------ EXTRACTED ENTRIES ------
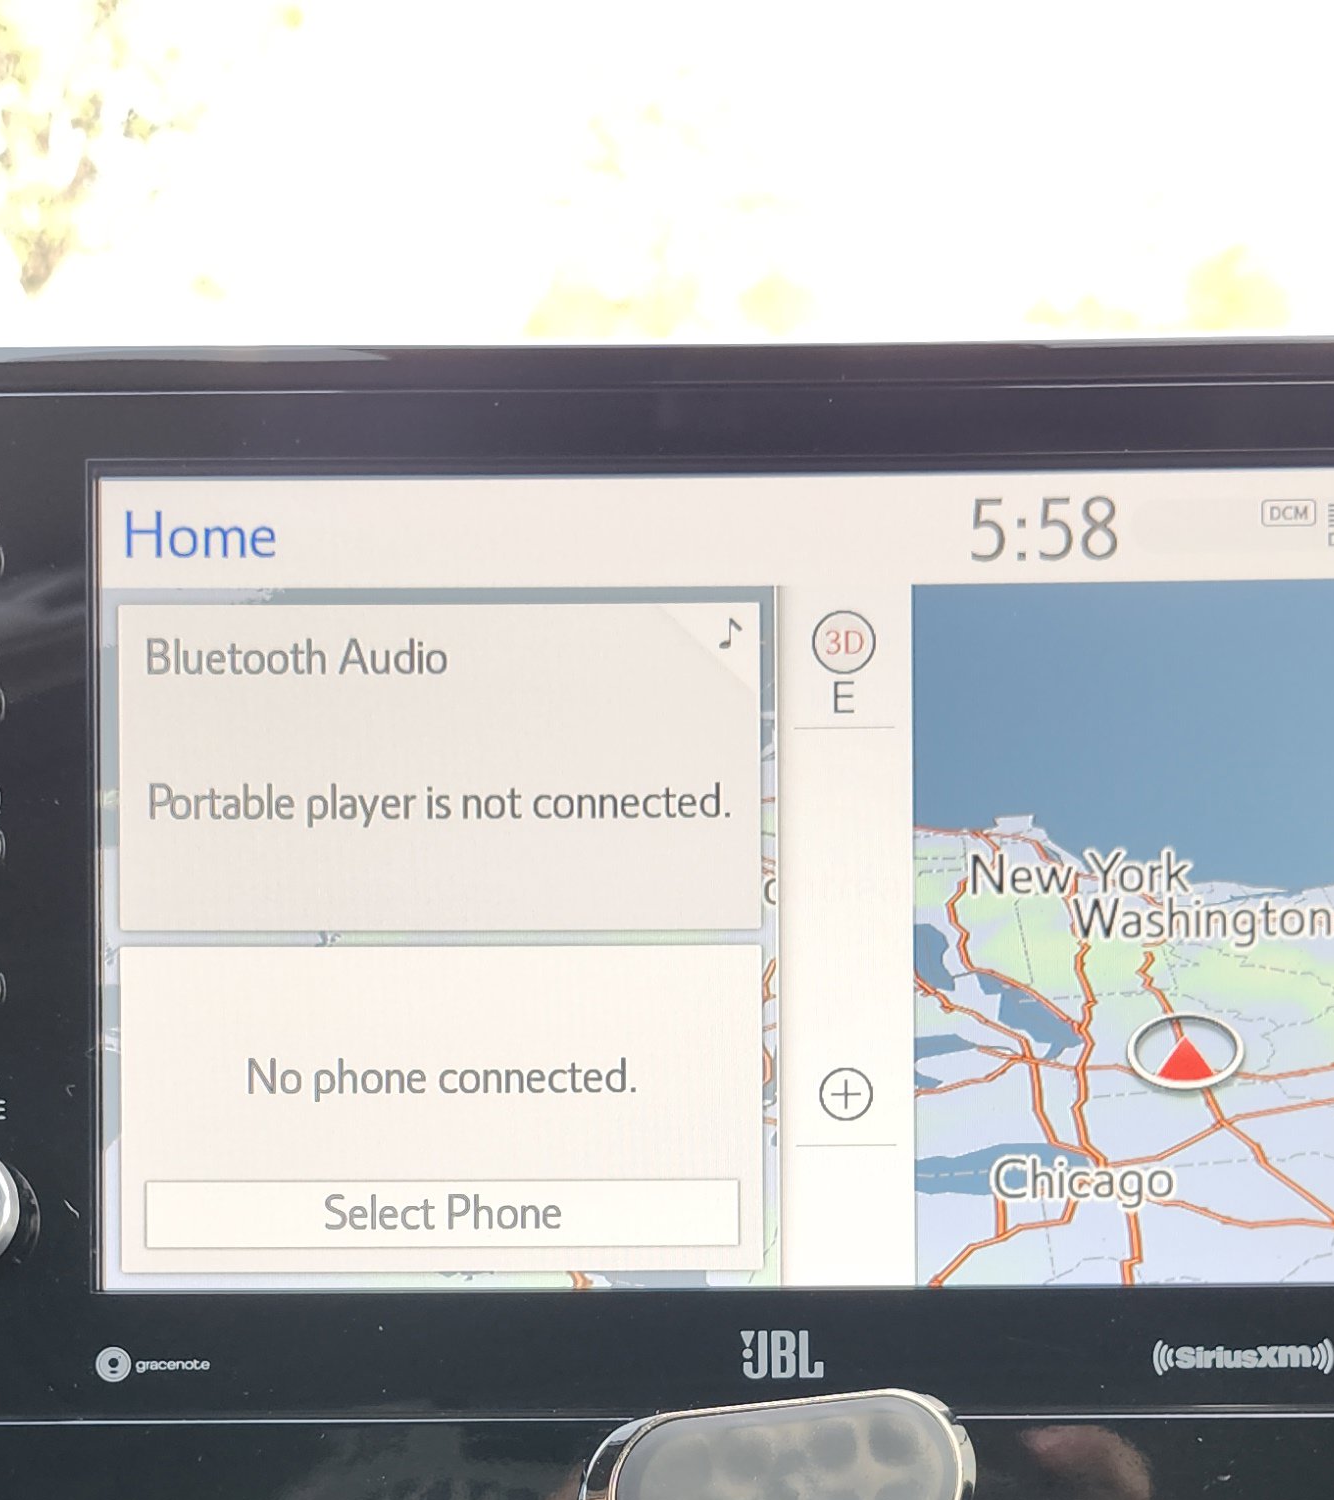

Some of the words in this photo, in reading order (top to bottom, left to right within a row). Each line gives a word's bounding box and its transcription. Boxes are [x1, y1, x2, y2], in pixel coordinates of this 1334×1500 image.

[123, 510, 277, 561] Home
[969, 495, 1119, 563] 5:58
[1268, 503, 1309, 525] DCM
[144, 638, 328, 677] Bluetooth
[338, 638, 449, 677] Audio
[825, 629, 865, 657] 3D
[832, 681, 855, 715] E
[148, 783, 296, 822] Portable
[306, 783, 416, 827] player
[425, 785, 453, 820] is
[461, 787, 522, 820] not
[531, 781, 733, 820] connected.
[968, 854, 1071, 896] New
[1082, 850, 1191, 895] York
[1071, 896, 1333, 949] Washington
[246, 1058, 303, 1096] No
[312, 1056, 428, 1103] phone
[437, 1055, 638, 1095] connected.
[991, 1158, 1175, 1208] Chicago
[324, 1193, 436, 1233] Select
[446, 1194, 563, 1233] Phone
[135, 1357, 211, 1375] gracenote
[741, 1330, 825, 1380] JBL
------
ASSIGNMENT => Type out the data above again exactly as written, minus the images.

TASK SOLUTION =>
Some of the words in this photo, in reading order (top to bottom, left to right within a row). Each line gives a word's bounding box and its transcription. Boxes are [x1, y1, x2, y2], in pixel coordinates of this 1334×1500 image.

[123, 510, 277, 561] Home
[969, 495, 1119, 563] 5:58
[1268, 503, 1309, 525] DCM
[144, 638, 328, 677] Bluetooth
[338, 638, 449, 677] Audio
[825, 629, 865, 657] 3D
[832, 681, 855, 715] E
[148, 783, 296, 822] Portable
[306, 783, 416, 827] player
[425, 785, 453, 820] is
[461, 787, 522, 820] not
[531, 781, 733, 820] connected.
[968, 854, 1071, 896] New
[1082, 850, 1191, 895] York
[1071, 896, 1333, 949] Washington
[246, 1058, 303, 1096] No
[312, 1056, 428, 1103] phone
[437, 1055, 638, 1095] connected.
[991, 1158, 1175, 1208] Chicago
[324, 1193, 436, 1233] Select
[446, 1194, 563, 1233] Phone
[135, 1357, 211, 1375] gracenote
[741, 1330, 825, 1380] JBL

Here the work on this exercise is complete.